I actually typically don’t like nuts in cookies, or like, anything. But every once in a while, a good chocolate chip walnut cookie just sounds right. This recipe has the addition of cornstarch, which helps keep the cookies chewy and awesome.
Tips & Tricks for High-Altitude Chocolate Chip Cookies
These cookies are a classic, and I’ve got a few times to make sure they come out beautifully for you too!
- Use the chocolate that you love here! I really love a dark chocolate somewhere around 60%, and a chopped chocolate bar or two is a great substitute for chips!
- Use any nuts you like, or leave them out entirely. Chopped walnuts, pecans, or even pistachios are a super yummy addition.
- The dough is really thick and it can take some time to really come together, so give it a few minutes of mixing. This is a recipe that I definitely recommend an electric mixer for.
- Don’t over bake the cookies. After all, who doesn’t like a gooey chocolate chip cookie? Plus they continue to set after they come out of the oven.
Other Great Chocolate Chip Cookie Recipes
These are a pretty classic version of the classic cookie, but there’s tons of other great options that are high-altitude-friendly! Here are my favs:
- Small-Batch Chocolate Chip Cookies
- Salty Chocolate Chip Cookies
- Thick, Chewy Chocolate Chip Cookies
- Chewy Vegan Chocolate Cookies
- Chocolate Chip Pretzel Cookies
I hope you guys love this recipe for high-altitude chocolate chip cookies as much as I do, enjoy!
Classic Chocolate Chip Walnut Cookies
Ingredients
- 4 cups flour
- 1/4 cup cornstarch
- 2 tsp. baking soda
- 1/2 tsp salt
- 1/2 tsp cinnamon
- 1 1/2 cups softened butter
- 1 1/2 cups packed brown sugar
- 1/2 cup sugar
- 2 eggs
- 1 tbs. vanilla
- 1 cup chocolate chips
- 1/2 cup mini chocolate chips
- 1 cup chopped toasted walnuts
Instructions
-
Preheat the oven to 350 degrees, and line two baking sheets with parchment or non-stick sheet.
-
In a medium bowl, stir the flour, cornstarch, baking soda, salt, and cinnamon. Set aside.
-
In a large bowl, beat together the butter and both sugars until fluffy.
-
Beat in the eggs and vanilla until smooth.
-
Slowly add in the flour mixture until well combined. Fold in the chocolate chips and walnuts.
-
Scoop large 2 tablespoon-fulls onto your baking sheets. Bake for 8-10 minutes, or until edges are slightly golden.

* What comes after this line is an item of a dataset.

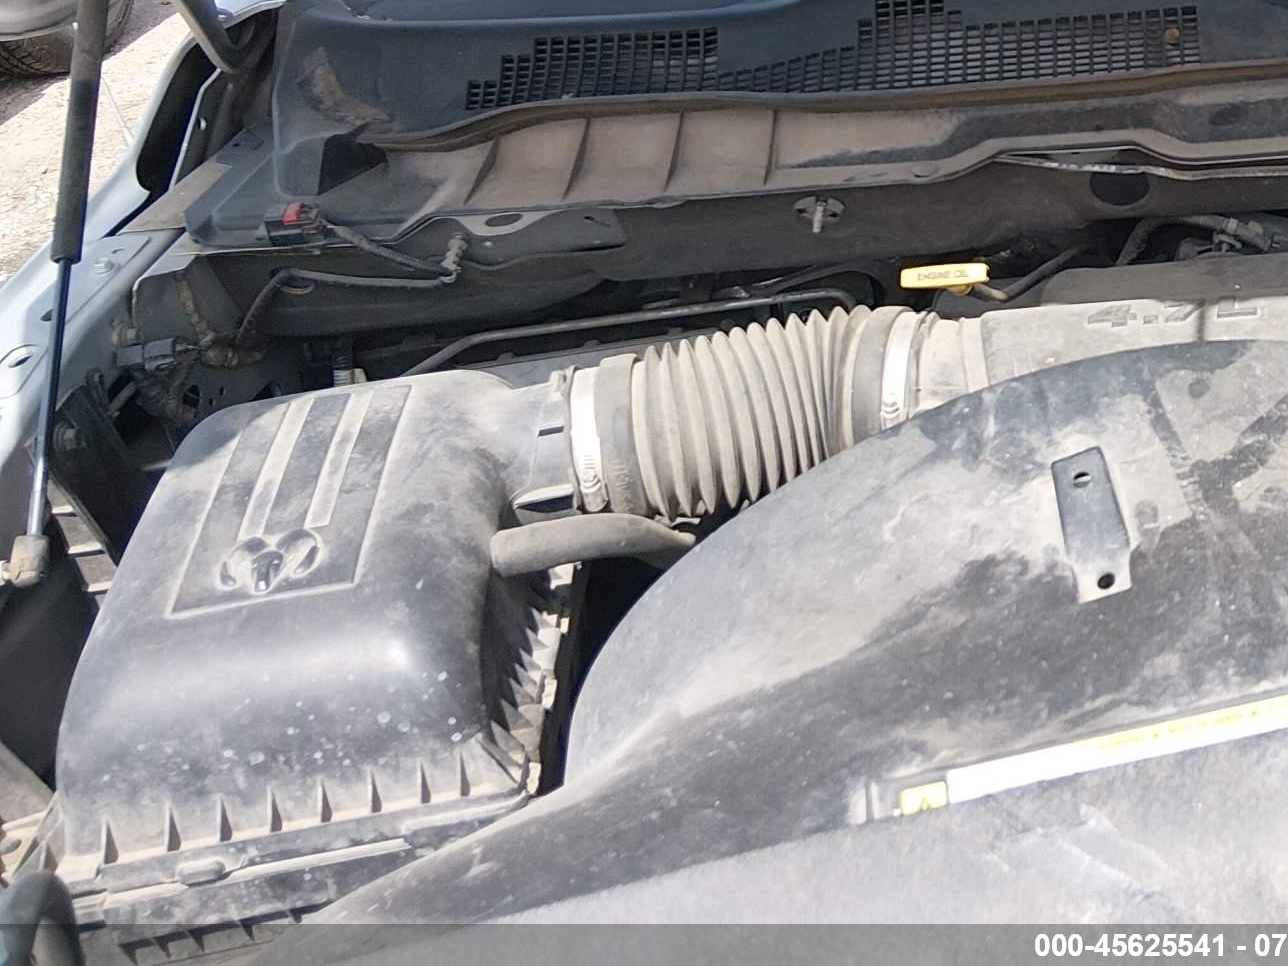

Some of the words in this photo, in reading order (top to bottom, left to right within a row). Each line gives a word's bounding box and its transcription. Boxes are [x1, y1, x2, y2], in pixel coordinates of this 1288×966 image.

Hello and welcome! My name is Nicole, and Dough-eyed is a food blog for people who want to bake for their family and friends in high-altitude areas. Think of me as a friendly voice there with you in the kitchen, here to give you confidence when you’re baking, and to help you with the struggles of baking at high-altitude. Come back every week for new recipes, tips, and advice on high-altitude baking!
Louise Vance says
Are any adjustments needed if you omit the walnuts.
Dough-Eyed says
Hi there! No adjustments needed for that!
Kate says
These cookies tasted like flour instead of delicious sweet cookies.
Dough-Eyed says
I'm sorry to hear these cookies didn't work out for you! They are one of my personal favorites, we make them quite often. I'd be happy to help troubleshoot with you- feel free to email me at info@dougheyed.com.
sue Cole says
I thought these tasted cake-y. Someone else said flour-y. I agree
Maureen says
Best recipe I found for baking at altitude! I omit cinnamon and nuts but add more chocolate chips. I like to freeze already portioned out and make a few at a time. They turn out perfect every time. Overall great recipe!